▶ PROVIDED RECORDS
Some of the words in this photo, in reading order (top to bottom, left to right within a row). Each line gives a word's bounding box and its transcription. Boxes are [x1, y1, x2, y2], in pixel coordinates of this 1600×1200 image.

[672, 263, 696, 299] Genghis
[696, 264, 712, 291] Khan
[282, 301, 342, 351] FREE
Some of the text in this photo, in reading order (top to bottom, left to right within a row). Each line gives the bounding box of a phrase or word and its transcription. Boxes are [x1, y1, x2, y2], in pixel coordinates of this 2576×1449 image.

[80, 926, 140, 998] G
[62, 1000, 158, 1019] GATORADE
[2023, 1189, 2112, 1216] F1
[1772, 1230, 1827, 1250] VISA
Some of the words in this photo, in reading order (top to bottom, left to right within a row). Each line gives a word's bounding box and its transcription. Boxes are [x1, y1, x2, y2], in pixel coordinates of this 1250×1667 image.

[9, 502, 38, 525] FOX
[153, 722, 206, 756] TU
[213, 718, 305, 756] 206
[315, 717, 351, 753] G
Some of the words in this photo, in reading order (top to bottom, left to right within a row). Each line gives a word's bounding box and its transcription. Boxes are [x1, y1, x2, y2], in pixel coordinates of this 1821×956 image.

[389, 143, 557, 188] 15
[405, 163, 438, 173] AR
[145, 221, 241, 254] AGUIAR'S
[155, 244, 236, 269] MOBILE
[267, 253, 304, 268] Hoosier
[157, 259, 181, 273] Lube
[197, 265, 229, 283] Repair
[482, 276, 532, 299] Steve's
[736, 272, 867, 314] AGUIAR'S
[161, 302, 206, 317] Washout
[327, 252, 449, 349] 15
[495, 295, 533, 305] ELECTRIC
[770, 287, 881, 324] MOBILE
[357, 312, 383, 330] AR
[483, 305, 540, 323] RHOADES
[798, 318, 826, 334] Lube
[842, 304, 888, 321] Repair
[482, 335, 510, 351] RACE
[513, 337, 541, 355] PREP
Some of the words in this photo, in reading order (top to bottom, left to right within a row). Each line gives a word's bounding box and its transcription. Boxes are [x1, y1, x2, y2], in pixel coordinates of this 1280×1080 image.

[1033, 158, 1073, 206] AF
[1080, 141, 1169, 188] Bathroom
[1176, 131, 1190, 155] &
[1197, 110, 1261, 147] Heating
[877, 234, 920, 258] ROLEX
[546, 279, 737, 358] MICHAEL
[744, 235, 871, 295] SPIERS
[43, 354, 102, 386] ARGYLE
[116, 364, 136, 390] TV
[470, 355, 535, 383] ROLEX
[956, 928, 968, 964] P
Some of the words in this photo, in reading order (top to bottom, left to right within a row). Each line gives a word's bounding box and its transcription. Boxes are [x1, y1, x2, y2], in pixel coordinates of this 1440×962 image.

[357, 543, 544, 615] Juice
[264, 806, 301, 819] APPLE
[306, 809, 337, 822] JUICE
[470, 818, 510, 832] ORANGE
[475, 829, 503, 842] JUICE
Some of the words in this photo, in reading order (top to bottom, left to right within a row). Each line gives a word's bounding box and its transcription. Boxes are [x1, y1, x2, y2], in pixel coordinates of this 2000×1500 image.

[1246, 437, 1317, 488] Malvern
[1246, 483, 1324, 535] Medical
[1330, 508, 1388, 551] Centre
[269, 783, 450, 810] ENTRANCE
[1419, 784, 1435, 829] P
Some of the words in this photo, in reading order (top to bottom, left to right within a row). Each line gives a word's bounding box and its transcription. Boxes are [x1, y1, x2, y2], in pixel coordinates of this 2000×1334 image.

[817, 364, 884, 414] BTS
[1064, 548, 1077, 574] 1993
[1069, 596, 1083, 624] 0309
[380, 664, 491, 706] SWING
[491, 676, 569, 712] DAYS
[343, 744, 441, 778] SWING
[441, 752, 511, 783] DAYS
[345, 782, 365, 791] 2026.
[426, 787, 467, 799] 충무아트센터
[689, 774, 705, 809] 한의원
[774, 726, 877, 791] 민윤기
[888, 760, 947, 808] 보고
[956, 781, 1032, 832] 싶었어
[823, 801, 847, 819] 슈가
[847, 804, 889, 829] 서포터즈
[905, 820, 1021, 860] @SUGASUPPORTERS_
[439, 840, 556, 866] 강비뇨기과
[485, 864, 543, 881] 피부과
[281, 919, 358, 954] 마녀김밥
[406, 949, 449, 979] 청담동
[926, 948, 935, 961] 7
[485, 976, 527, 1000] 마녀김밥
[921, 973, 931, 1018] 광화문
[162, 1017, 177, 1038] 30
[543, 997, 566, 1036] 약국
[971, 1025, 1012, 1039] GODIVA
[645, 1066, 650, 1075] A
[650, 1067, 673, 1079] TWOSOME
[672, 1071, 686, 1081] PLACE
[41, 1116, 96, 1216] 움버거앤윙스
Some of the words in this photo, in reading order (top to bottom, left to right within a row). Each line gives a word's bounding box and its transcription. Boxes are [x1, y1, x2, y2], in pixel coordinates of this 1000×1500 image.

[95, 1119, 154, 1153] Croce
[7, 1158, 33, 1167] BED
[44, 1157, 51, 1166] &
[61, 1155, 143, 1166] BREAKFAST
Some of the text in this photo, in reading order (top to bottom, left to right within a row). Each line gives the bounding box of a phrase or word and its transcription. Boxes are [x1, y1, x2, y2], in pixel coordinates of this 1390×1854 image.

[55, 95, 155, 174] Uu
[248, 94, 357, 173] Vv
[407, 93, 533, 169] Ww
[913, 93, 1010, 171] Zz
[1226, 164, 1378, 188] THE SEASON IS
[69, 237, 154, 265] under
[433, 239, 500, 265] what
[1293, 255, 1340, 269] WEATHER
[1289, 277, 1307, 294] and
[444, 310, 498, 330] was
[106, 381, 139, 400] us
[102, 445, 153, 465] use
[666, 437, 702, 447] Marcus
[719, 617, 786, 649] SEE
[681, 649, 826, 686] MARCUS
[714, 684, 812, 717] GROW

▶ ASSIGNED TASK
Set every line of the listing down word for word.

▶ RESPONSE TO THIS EXERCISE
Some of the words in this photo, in reading order (top to bottom, left to right within a row). Each line gives a word's bounding box and its transcription. Boxes are [x1, y1, x2, y2], in pixel coordinates of this 1600×1200 image.

[672, 263, 696, 299] Genghis
[696, 264, 712, 291] Khan
[282, 301, 342, 351] FREE
Some of the text in this photo, in reading order (top to bottom, left to right within a row). Each line gives the bounding box of a phrase or word and its transcription. Boxes are [x1, y1, x2, y2], in pixel coordinates of this 2576×1449 image.

[80, 926, 140, 998] G
[62, 1000, 158, 1019] GATORADE
[2023, 1189, 2112, 1216] F1
[1772, 1230, 1827, 1250] VISA
Some of the words in this photo, in reading order (top to bottom, left to right within a row). Each line gives a word's bounding box and its transcription. Boxes are [x1, y1, x2, y2], in pixel coordinates of this 1250×1667 image.

[9, 502, 38, 525] FOX
[153, 722, 206, 756] TU
[213, 718, 305, 756] 206
[315, 717, 351, 753] G
Some of the words in this photo, in reading order (top to bottom, left to right within a row). Each line gives a word's bounding box and its transcription. Boxes are [x1, y1, x2, y2], in pixel coordinates of this 1821×956 image.

[389, 143, 557, 188] 15
[405, 163, 438, 173] AR
[145, 221, 241, 254] AGUIAR'S
[155, 244, 236, 269] MOBILE
[267, 253, 304, 268] Hoosier
[157, 259, 181, 273] Lube
[197, 265, 229, 283] Repair
[482, 276, 532, 299] Steve's
[736, 272, 867, 314] AGUIAR'S
[161, 302, 206, 317] Washout
[327, 252, 449, 349] 15
[495, 295, 533, 305] ELECTRIC
[770, 287, 881, 324] MOBILE
[357, 312, 383, 330] AR
[483, 305, 540, 323] RHOADES
[798, 318, 826, 334] Lube
[842, 304, 888, 321] Repair
[482, 335, 510, 351] RACE
[513, 337, 541, 355] PREP
Some of the words in this photo, in reading order (top to bottom, left to right within a row). Each line gives a word's bounding box and its transcription. Boxes are [x1, y1, x2, y2], in pixel coordinates of this 1280×1080 image.

[1033, 158, 1073, 206] AF
[1080, 141, 1169, 188] Bathroom
[1176, 131, 1190, 155] &
[1197, 110, 1261, 147] Heating
[877, 234, 920, 258] ROLEX
[546, 279, 737, 358] MICHAEL
[744, 235, 871, 295] SPIERS
[43, 354, 102, 386] ARGYLE
[116, 364, 136, 390] TV
[470, 355, 535, 383] ROLEX
[956, 928, 968, 964] P
Some of the words in this photo, in reading order (top to bottom, left to right within a row). Each line gives a word's bounding box and its transcription. Boxes are [x1, y1, x2, y2], in pixel coordinates of this 1440×962 image.

[357, 543, 544, 615] Juice
[264, 806, 301, 819] APPLE
[306, 809, 337, 822] JUICE
[470, 818, 510, 832] ORANGE
[475, 829, 503, 842] JUICE
Some of the words in this photo, in reading order (top to bottom, left to right within a row). Each line gives a word's bounding box and its transcription. Boxes are [x1, y1, x2, y2], in pixel coordinates of this 2000×1500 image.

[1246, 437, 1317, 488] Malvern
[1246, 483, 1324, 535] Medical
[1330, 508, 1388, 551] Centre
[269, 783, 450, 810] ENTRANCE
[1419, 784, 1435, 829] P
Some of the words in this photo, in reading order (top to bottom, left to right within a row). Each line gives a word's bounding box and its transcription. Boxes are [x1, y1, x2, y2], in pixel coordinates of this 2000×1334 image.

[817, 364, 884, 414] BTS
[1064, 548, 1077, 574] 1993
[1069, 596, 1083, 624] 0309
[380, 664, 491, 706] SWING
[491, 676, 569, 712] DAYS
[343, 744, 441, 778] SWING
[441, 752, 511, 783] DAYS
[345, 782, 365, 791] 2026.
[426, 787, 467, 799] 충무아트센터
[689, 774, 705, 809] 한의원
[774, 726, 877, 791] 민윤기
[888, 760, 947, 808] 보고
[956, 781, 1032, 832] 싶었어
[823, 801, 847, 819] 슈가
[847, 804, 889, 829] 서포터즈
[905, 820, 1021, 860] @SUGASUPPORTERS_
[439, 840, 556, 866] 강비뇨기과
[485, 864, 543, 881] 피부과
[281, 919, 358, 954] 마녀김밥
[406, 949, 449, 979] 청담동
[926, 948, 935, 961] 7
[485, 976, 527, 1000] 마녀김밥
[921, 973, 931, 1018] 광화문
[162, 1017, 177, 1038] 30
[543, 997, 566, 1036] 약국
[971, 1025, 1012, 1039] GODIVA
[645, 1066, 650, 1075] A
[650, 1067, 673, 1079] TWOSOME
[672, 1071, 686, 1081] PLACE
[41, 1116, 96, 1216] 움버거앤윙스
Some of the words in this photo, in reading order (top to bottom, left to right within a row). Each line gives a word's bounding box and its transcription. Boxes are [x1, y1, x2, y2], in pixel coordinates of this 1000×1500 image.

[95, 1119, 154, 1153] Croce
[7, 1158, 33, 1167] BED
[44, 1157, 51, 1166] &
[61, 1155, 143, 1166] BREAKFAST
Some of the text in this photo, in reading order (top to bottom, left to right within a row). Each line gives the bounding box of a phrase or word and its transcription. Boxes are [x1, y1, x2, y2], in pixel coordinates of this 1390×1854 image.

[55, 95, 155, 174] Uu
[248, 94, 357, 173] Vv
[407, 93, 533, 169] Ww
[913, 93, 1010, 171] Zz
[1226, 164, 1378, 188] THE SEASON IS
[69, 237, 154, 265] under
[433, 239, 500, 265] what
[1293, 255, 1340, 269] WEATHER
[1289, 277, 1307, 294] and
[444, 310, 498, 330] was
[106, 381, 139, 400] us
[102, 445, 153, 465] use
[666, 437, 702, 447] Marcus
[719, 617, 786, 649] SEE
[681, 649, 826, 686] MARCUS
[714, 684, 812, 717] GROW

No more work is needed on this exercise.